Na parada de Chatham Manor, outra enorme fotografia retratava mulheres e crianças recém-emancipadas amontoadas em uma carroça olhando desamparadas para a câmera, incertas de seu destino.

Esses homens e mulheres [tomaram] decisões por si mesmos e suas famílias para embarcar em um mundo incerto, disse Hennessy.

O mundo era incerto, mas eles eram livres.

Lee é um escritor baseado em Virginia Beach. Encontre-o no Twitter: @writer1218 .

Mais de Viagens:

Por que você deve visitar Columbus, Ohio

Em quantos estados você já esteve?

O guia essencial para todos os 59 parques nacionais dos EUA

Se tu vais

Pousada Kenmore

1200 Princesa Anne St.

540-371-7622

kenmoreinn. com

A pousada histórica, construída em 1824, tem nove quartos, cada um com banheiro privativo e Wi-Fi. Um animado pub e restaurante fica no nível inferior do jardim. Estacionamento fora do local está disponível. Quartos a partir de $ 130 durante a semana; $ 155 fim de semana.

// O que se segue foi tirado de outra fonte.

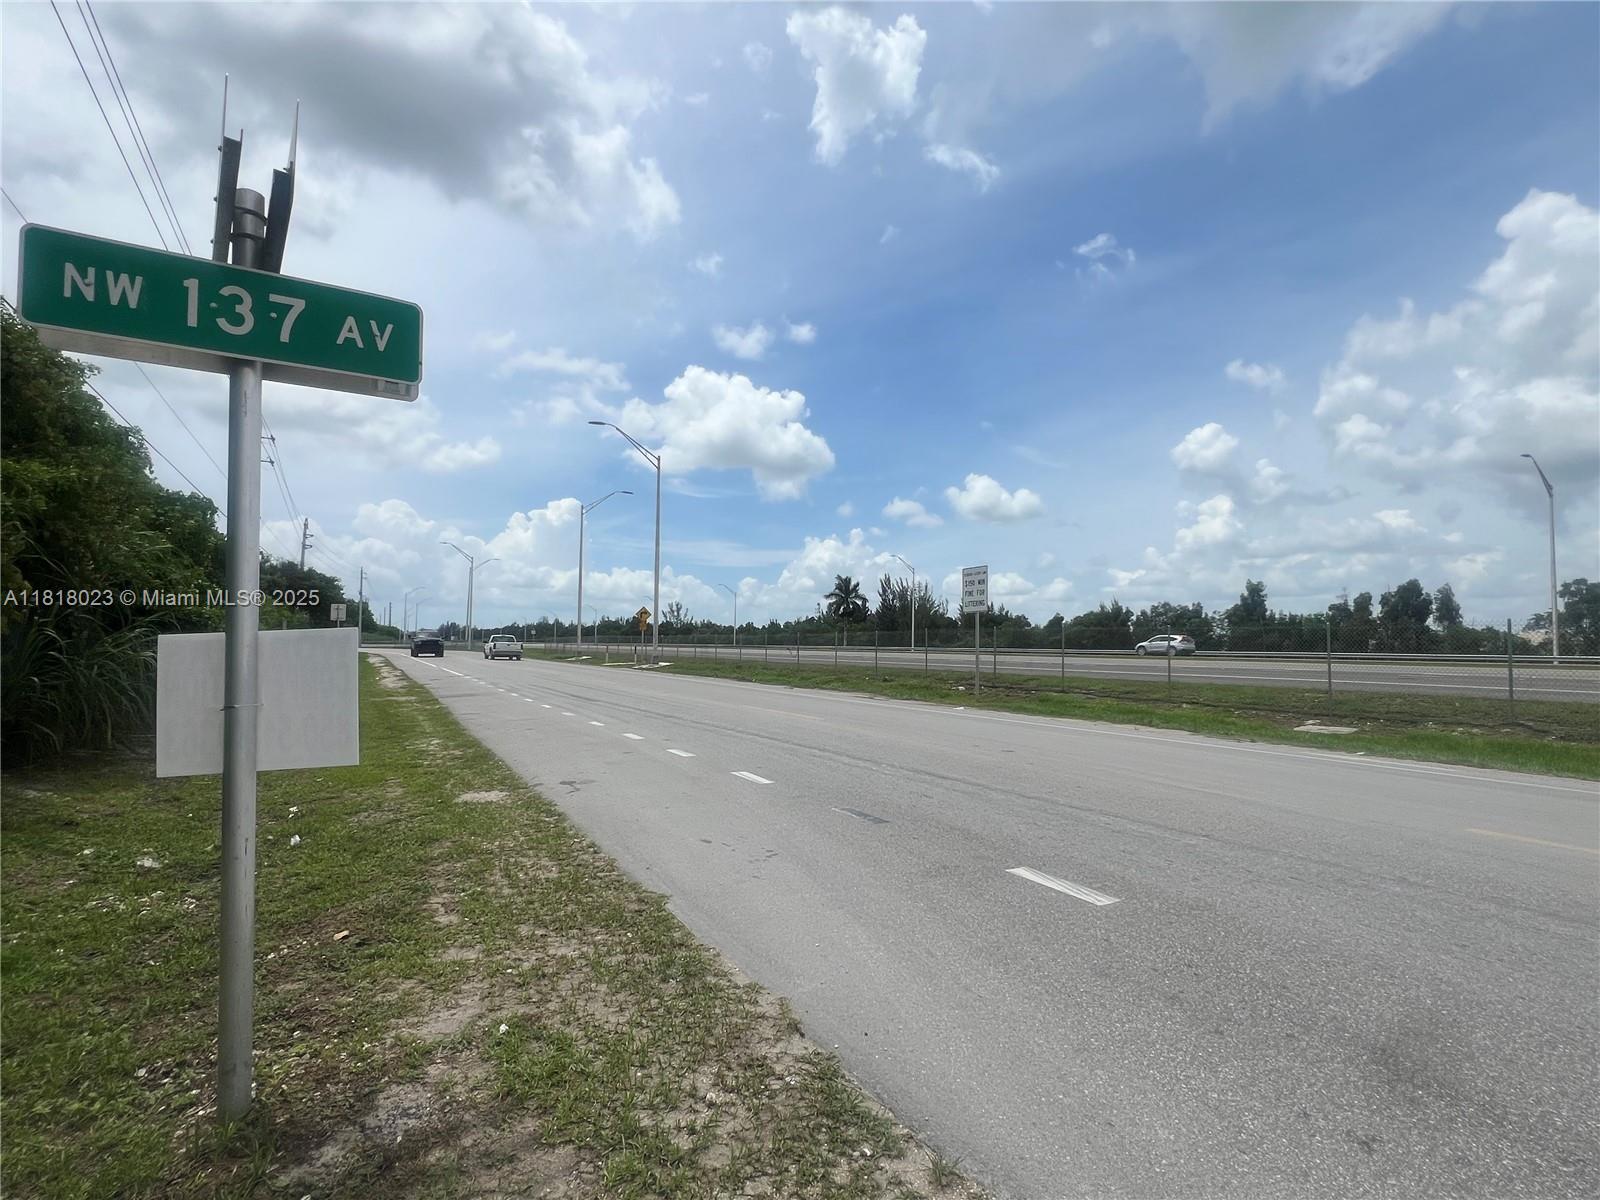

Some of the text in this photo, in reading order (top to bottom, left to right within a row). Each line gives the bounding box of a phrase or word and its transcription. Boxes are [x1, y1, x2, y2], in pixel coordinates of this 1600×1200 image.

[63, 262, 393, 352] NW 137 AV
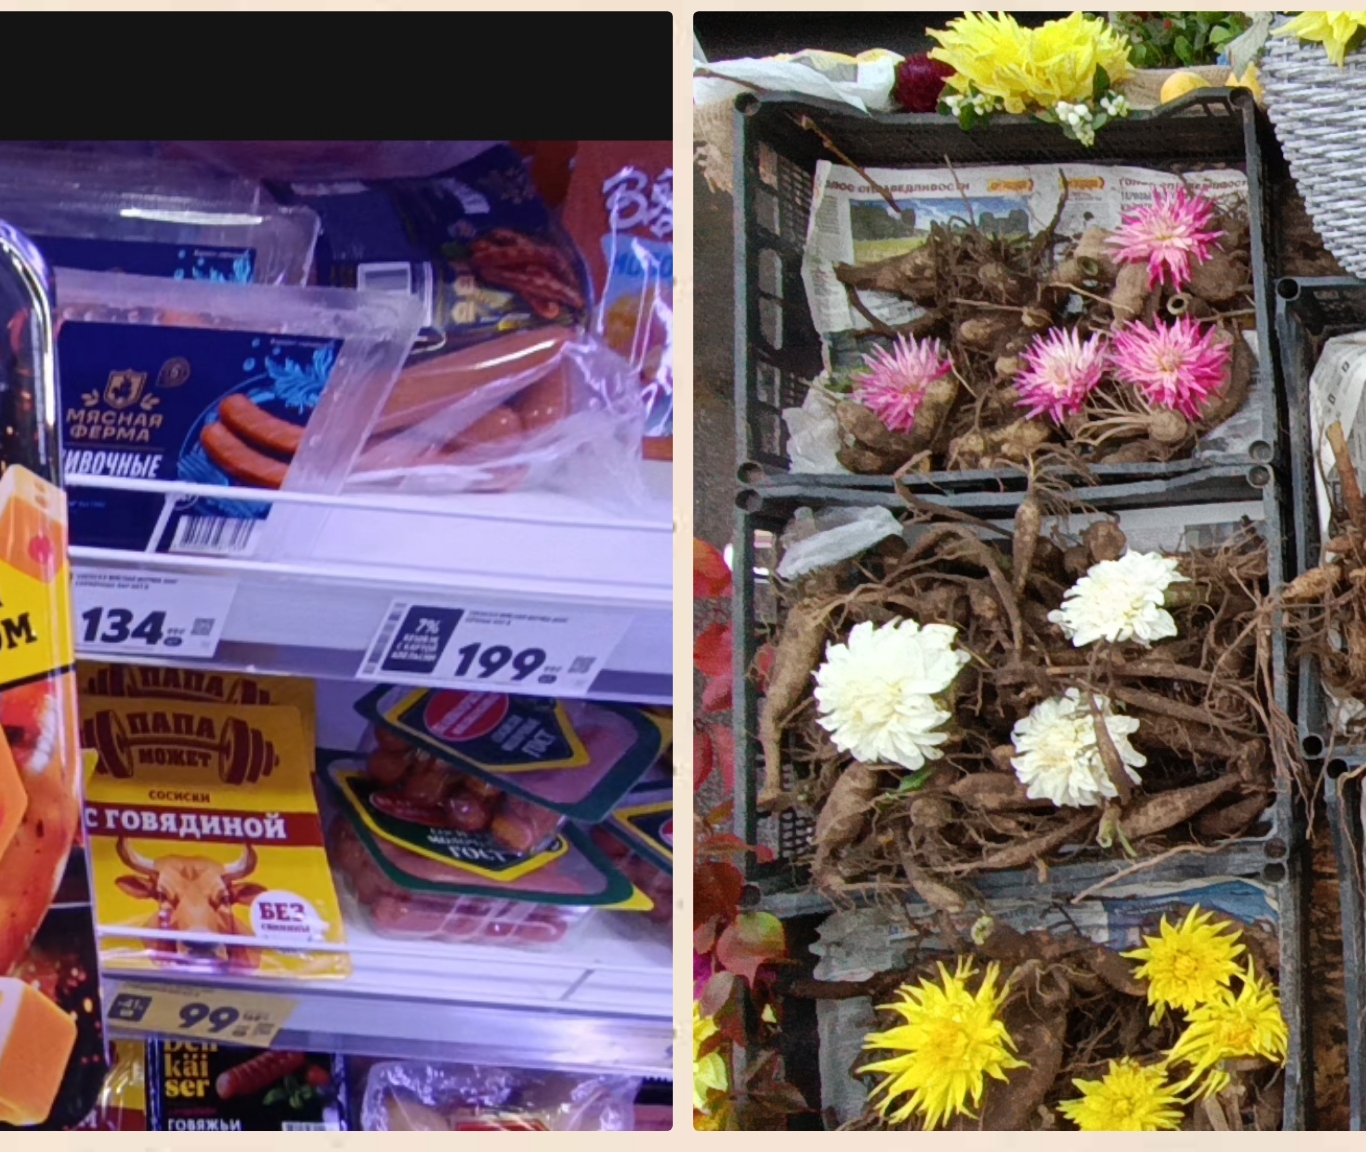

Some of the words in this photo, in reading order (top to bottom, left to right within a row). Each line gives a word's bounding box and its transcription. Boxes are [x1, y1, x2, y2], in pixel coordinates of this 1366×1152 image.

Distrito histórico de Fredericksburg do pátio

620 Carolina St.

540-373-8300

marriott. com

Além de uma ótima localização no centro da cidade, o hotel possui 94 quartos e quatro suítes em quatro andares. Piscina interior e centro de fitness disponíveis. O estacionamento no local custa $ 12 por dia. Quartos a partir de $ 142.

Pousada Kenmore

1200 Princesa Anne St.

540-371-7622

kenmoreinn. com

Espere pratos americanos com influências francesas. Um restaurante formal tem vista para um pátio com jardim e uma fonte. O seu bar com tampo de cobre é um local agradável para uma bebida tranquila. Música ao vivo às 19h30. toda quinta-feira. Assentos ao ar livre disponíveis. Entradas a partir de .

FoodE

900 Princesa Anne St.

540-479-1370

facebook.com/foodeonline

Localizado no antigo edifício do Farmer's Bank, onde John Washington viveu, este restaurante oferece cozinha sulista da fazenda à mesa, com frango frito e waffles como especialidade. Entradas de jantar a partir de $ 15.

Orofino

1006 Caroline St.

540-373-2953

orofinorestaurant. com

Um restaurante italiano que oferece cozinha de todas as 20 regiões da Itália. Cada item de menu corresponde a uma região numerada no mapa. Massas a partir de ; segunda a partir de $ 14.

Trilha para a Liberdade

trailtofreedomva. com

Abrange locais importantes na vida de John Washington durante seus anos como escravo (1838-1862). A Trilha da Liberdade local na rede Internet fornece um podcast fascinante repleto de informações detalhadas sobre cada uma das oito paradas em Fredericksburg. Reserve cerca de uma hora para o passeio a pé. O passeio de carro pelo condado de Stafford, que leva cerca de duas horas e meia, consiste em 10 paradas com painéis explicativos em cada uma. Vídeos de cada parada estão disponíveis no site. Livre.

trailtofreedomva. com

nps.gov/frsp/index.htm

J.L.

Somos participantes do Programa de Associados da Amazon Services LLC, um programa de publicidade de afiliados projetado para fornecer um meio de ganharmos taxas ao vincular a Amazon.com e sites afiliados.